- **Work task**
Your response should be an exact transcription of the data, images excluded.

-*-

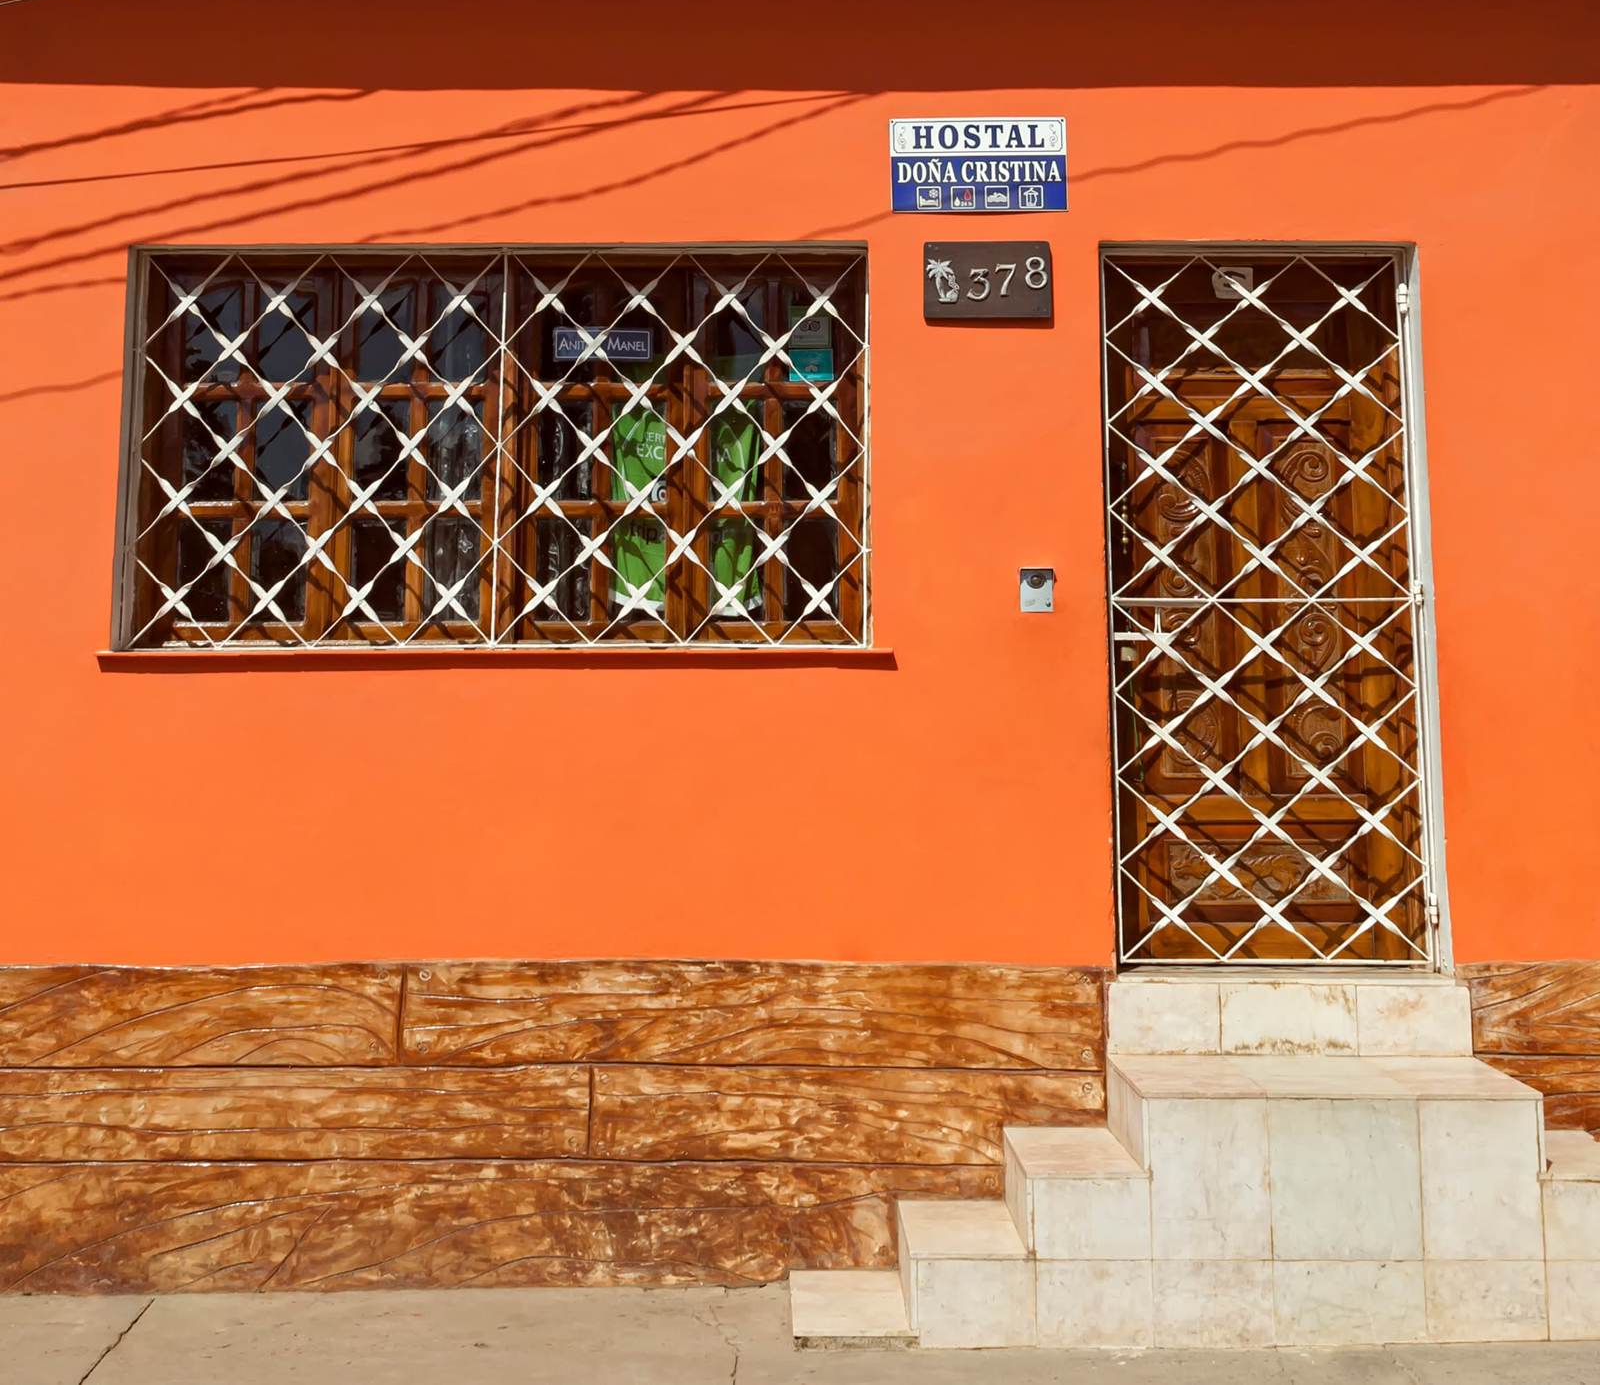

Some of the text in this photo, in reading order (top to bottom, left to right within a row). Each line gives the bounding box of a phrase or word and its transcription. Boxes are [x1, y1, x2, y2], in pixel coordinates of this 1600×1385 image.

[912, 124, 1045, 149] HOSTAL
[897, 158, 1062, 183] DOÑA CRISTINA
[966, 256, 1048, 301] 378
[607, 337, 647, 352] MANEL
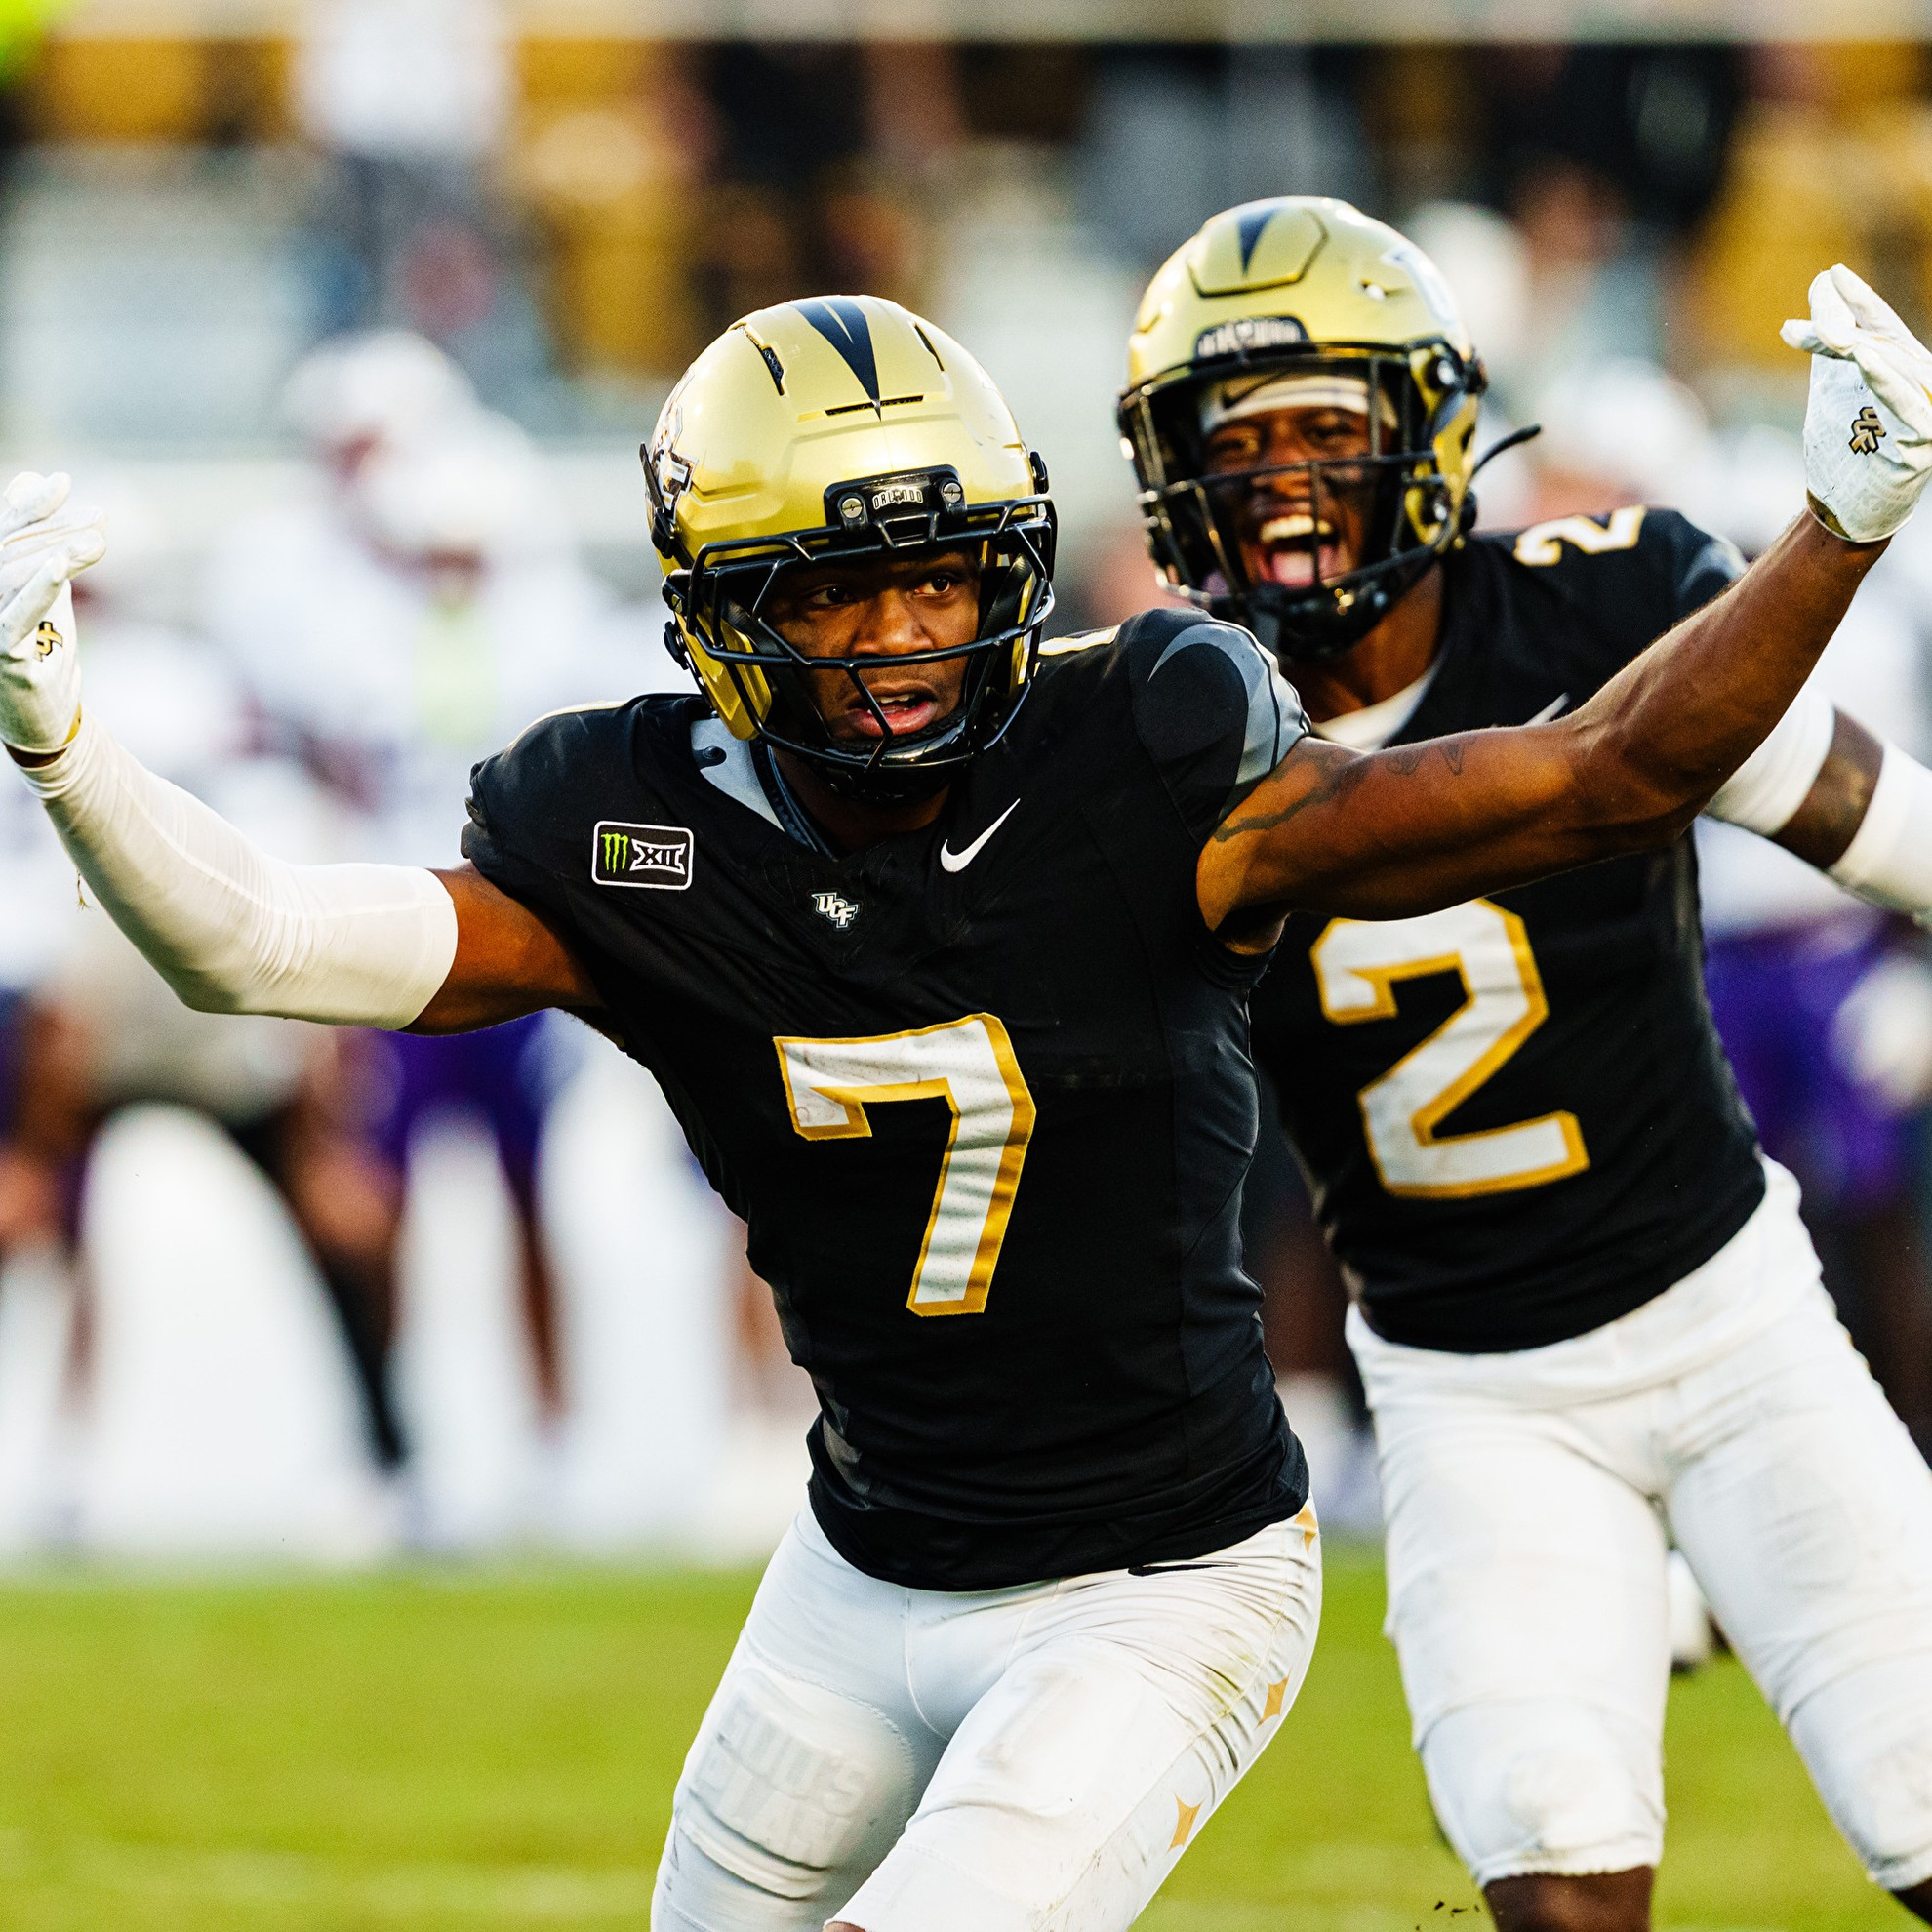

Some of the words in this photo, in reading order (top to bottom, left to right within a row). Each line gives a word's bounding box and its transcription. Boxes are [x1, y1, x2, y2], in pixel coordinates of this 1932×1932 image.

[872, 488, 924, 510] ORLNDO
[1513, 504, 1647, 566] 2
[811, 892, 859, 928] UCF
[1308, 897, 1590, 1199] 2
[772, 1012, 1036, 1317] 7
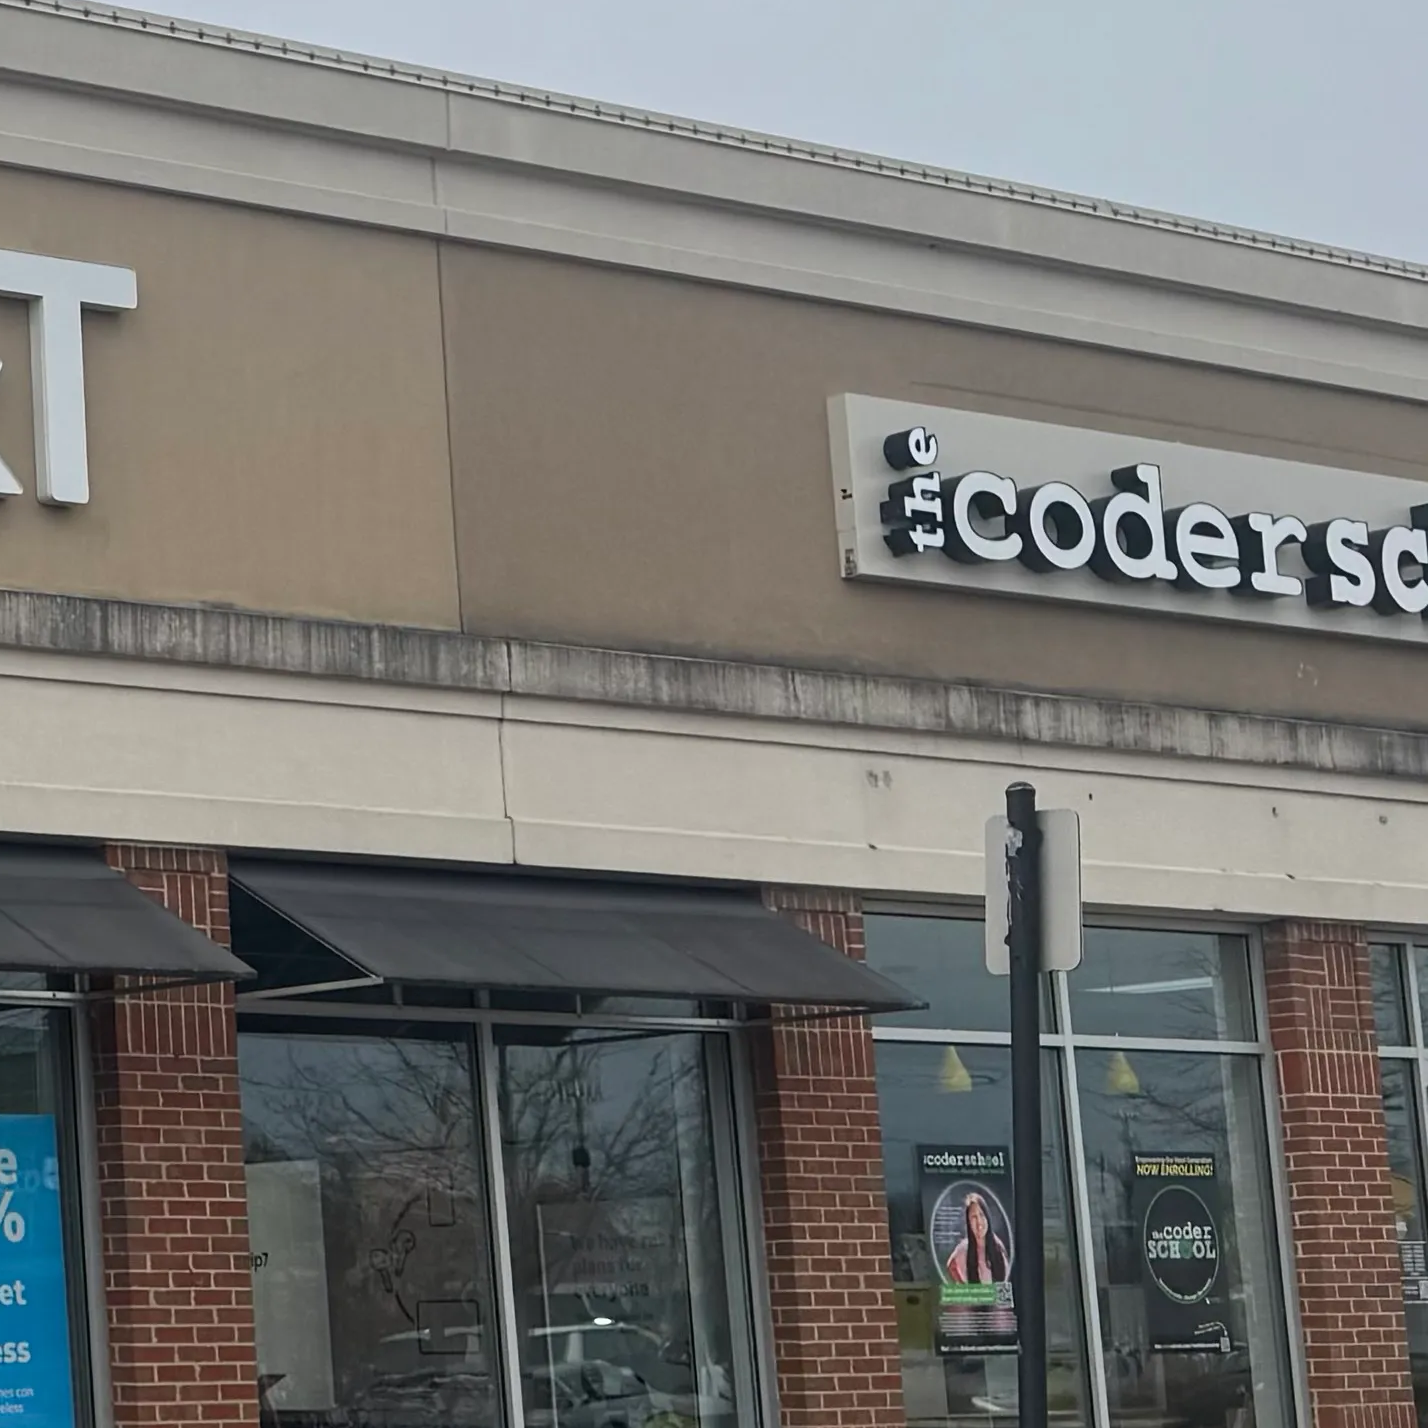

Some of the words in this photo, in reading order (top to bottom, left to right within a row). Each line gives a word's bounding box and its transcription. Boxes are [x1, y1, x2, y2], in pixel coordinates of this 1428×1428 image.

-*-

- **Response to this task**
Some of the text in this photo, in reading order (top to bottom, left to right within a row). Each line gives the bounding box of a phrase or word and its transcription. Boxes are [x1, y1, x2, y2], in pixel coordinates of this 1600×1385 image.

[912, 124, 1045, 149] HOSTAL
[897, 158, 1062, 183] DOÑA CRISTINA
[966, 256, 1048, 301] 378
[607, 337, 647, 352] MANEL

Some of the words in this photo, in reading order (top to bottom, left to right within a row). Each line gives a word's bounding box and its transcription. Boxes are [x1, y1, x2, y2], in pixel coordinates of this 1932×1932 image.

[872, 488, 924, 510] ORLNDO
[1513, 504, 1647, 566] 2
[811, 892, 859, 928] UCF
[1308, 897, 1590, 1199] 2
[772, 1012, 1036, 1317] 7

Some of the words in this photo, in reading order (top to bottom, left to right within a row). Each line gives a word's bounding box and its transcription. Boxes are [x1, y1, x2, y2], in pixel coordinates of this 1428×1428 image.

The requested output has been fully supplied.